Saved data entries:
_____
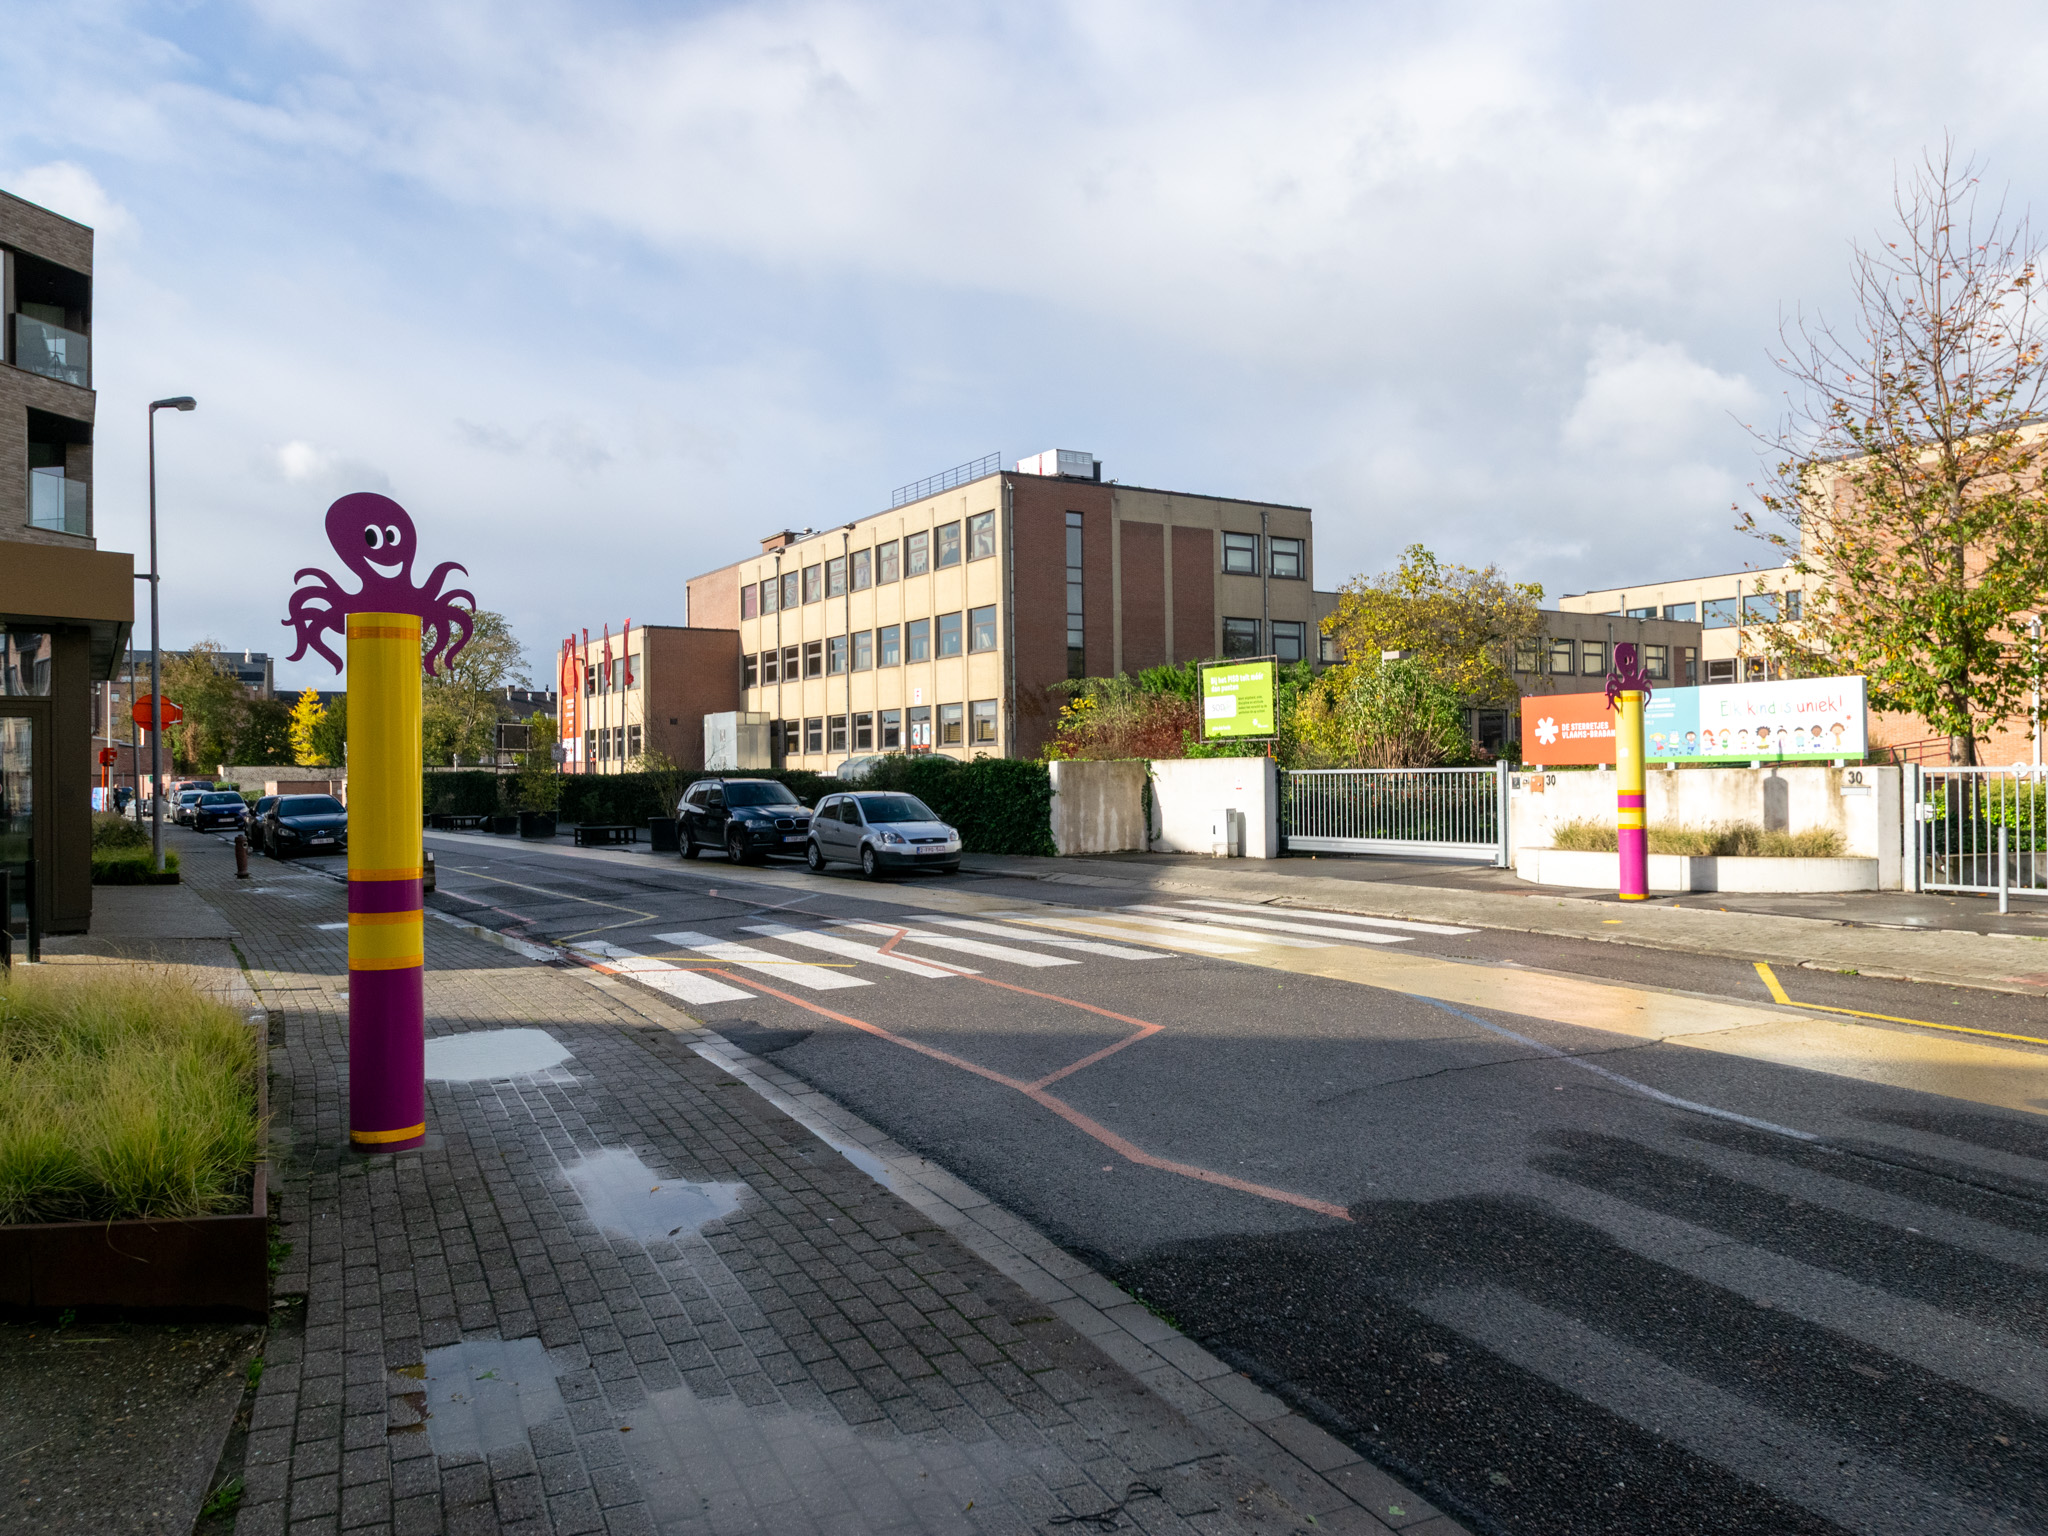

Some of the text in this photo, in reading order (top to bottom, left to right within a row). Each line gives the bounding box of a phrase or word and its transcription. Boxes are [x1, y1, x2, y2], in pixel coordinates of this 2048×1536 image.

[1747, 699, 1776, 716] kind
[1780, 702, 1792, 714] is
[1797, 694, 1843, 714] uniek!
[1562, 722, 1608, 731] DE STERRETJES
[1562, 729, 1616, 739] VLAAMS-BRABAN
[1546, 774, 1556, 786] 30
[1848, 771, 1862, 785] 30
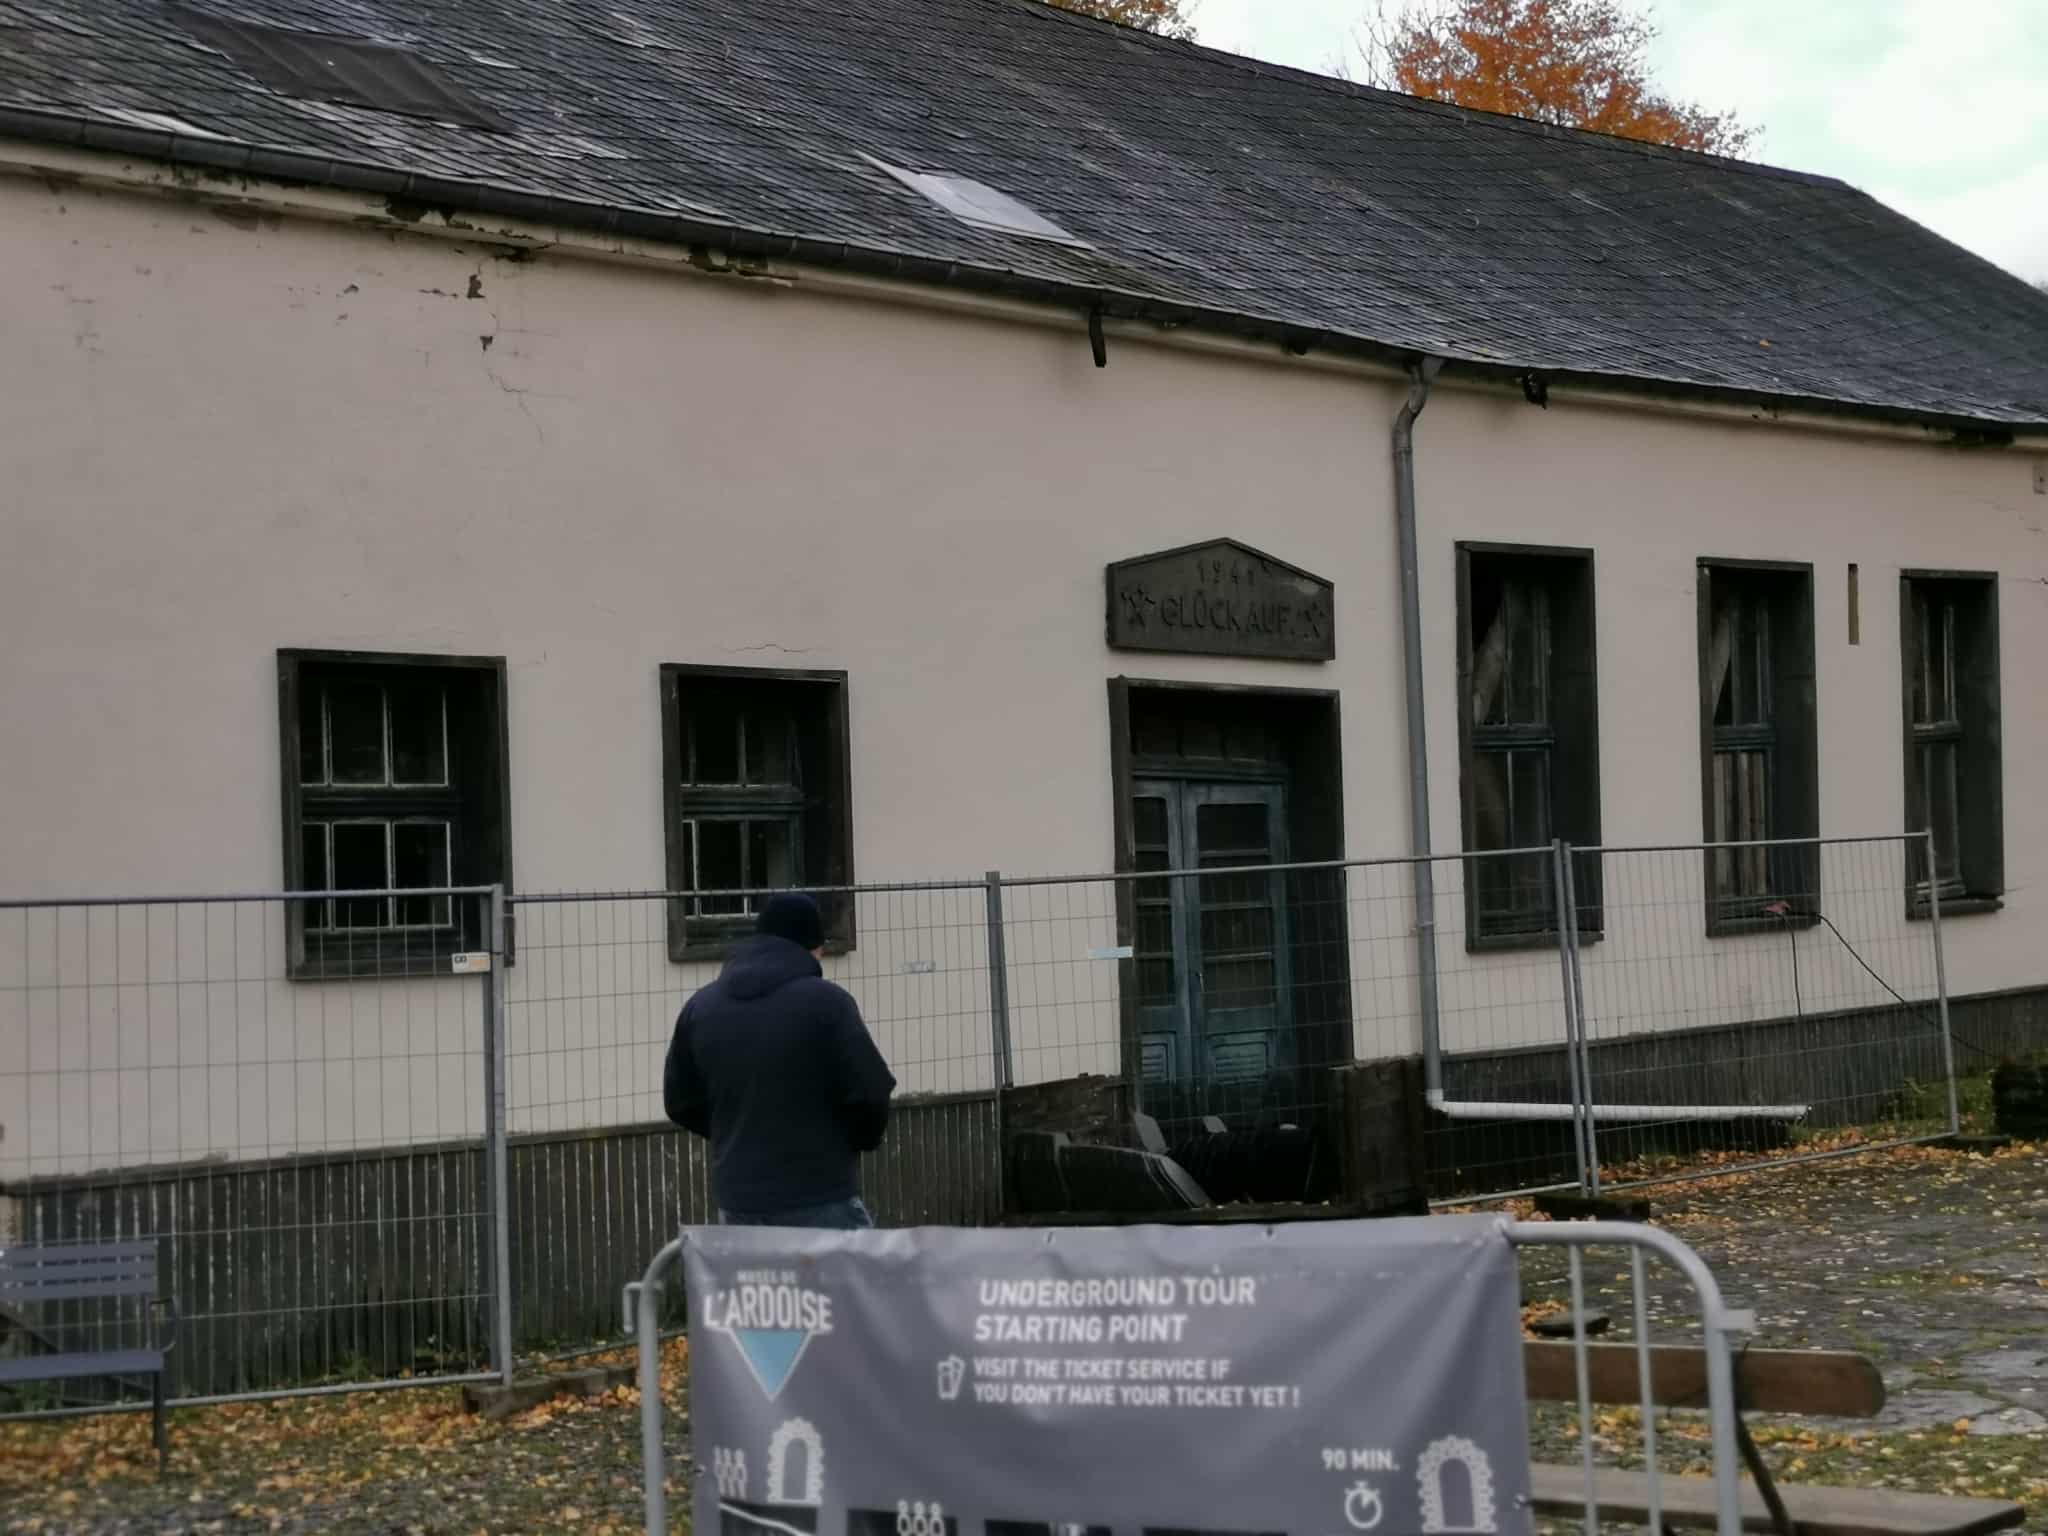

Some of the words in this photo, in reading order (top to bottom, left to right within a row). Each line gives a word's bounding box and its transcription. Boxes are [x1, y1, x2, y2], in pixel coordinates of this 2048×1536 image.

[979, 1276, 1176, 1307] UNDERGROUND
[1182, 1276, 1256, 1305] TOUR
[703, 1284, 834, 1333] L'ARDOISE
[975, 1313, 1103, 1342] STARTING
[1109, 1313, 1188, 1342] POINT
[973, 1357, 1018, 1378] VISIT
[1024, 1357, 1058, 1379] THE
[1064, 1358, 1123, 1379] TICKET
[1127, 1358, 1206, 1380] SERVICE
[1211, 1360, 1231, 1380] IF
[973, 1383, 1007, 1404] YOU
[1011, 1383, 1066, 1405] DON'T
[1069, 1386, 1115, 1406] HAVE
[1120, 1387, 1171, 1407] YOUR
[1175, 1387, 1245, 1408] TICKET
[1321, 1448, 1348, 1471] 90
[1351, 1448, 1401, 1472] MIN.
_____
WORK INSTRUCTIONS: Reproduce exactly every line between the line with "Some of the words" and the last line of the records above, both included.

SOLUTION TO THIS EXERCISE:
Some of the words in this photo, in reading order (top to bottom, left to right within a row). Each line gives a word's bounding box and its transcription. Boxes are [x1, y1, x2, y2], in pixel coordinates of this 2048×1536 image.

[979, 1276, 1176, 1307] UNDERGROUND
[1182, 1276, 1256, 1305] TOUR
[703, 1284, 834, 1333] L'ARDOISE
[975, 1313, 1103, 1342] STARTING
[1109, 1313, 1188, 1342] POINT
[973, 1357, 1018, 1378] VISIT
[1024, 1357, 1058, 1379] THE
[1064, 1358, 1123, 1379] TICKET
[1127, 1358, 1206, 1380] SERVICE
[1211, 1360, 1231, 1380] IF
[973, 1383, 1007, 1404] YOU
[1011, 1383, 1066, 1405] DON'T
[1069, 1386, 1115, 1406] HAVE
[1120, 1387, 1171, 1407] YOUR
[1175, 1387, 1245, 1408] TICKET
[1321, 1448, 1348, 1471] 90
[1351, 1448, 1401, 1472] MIN.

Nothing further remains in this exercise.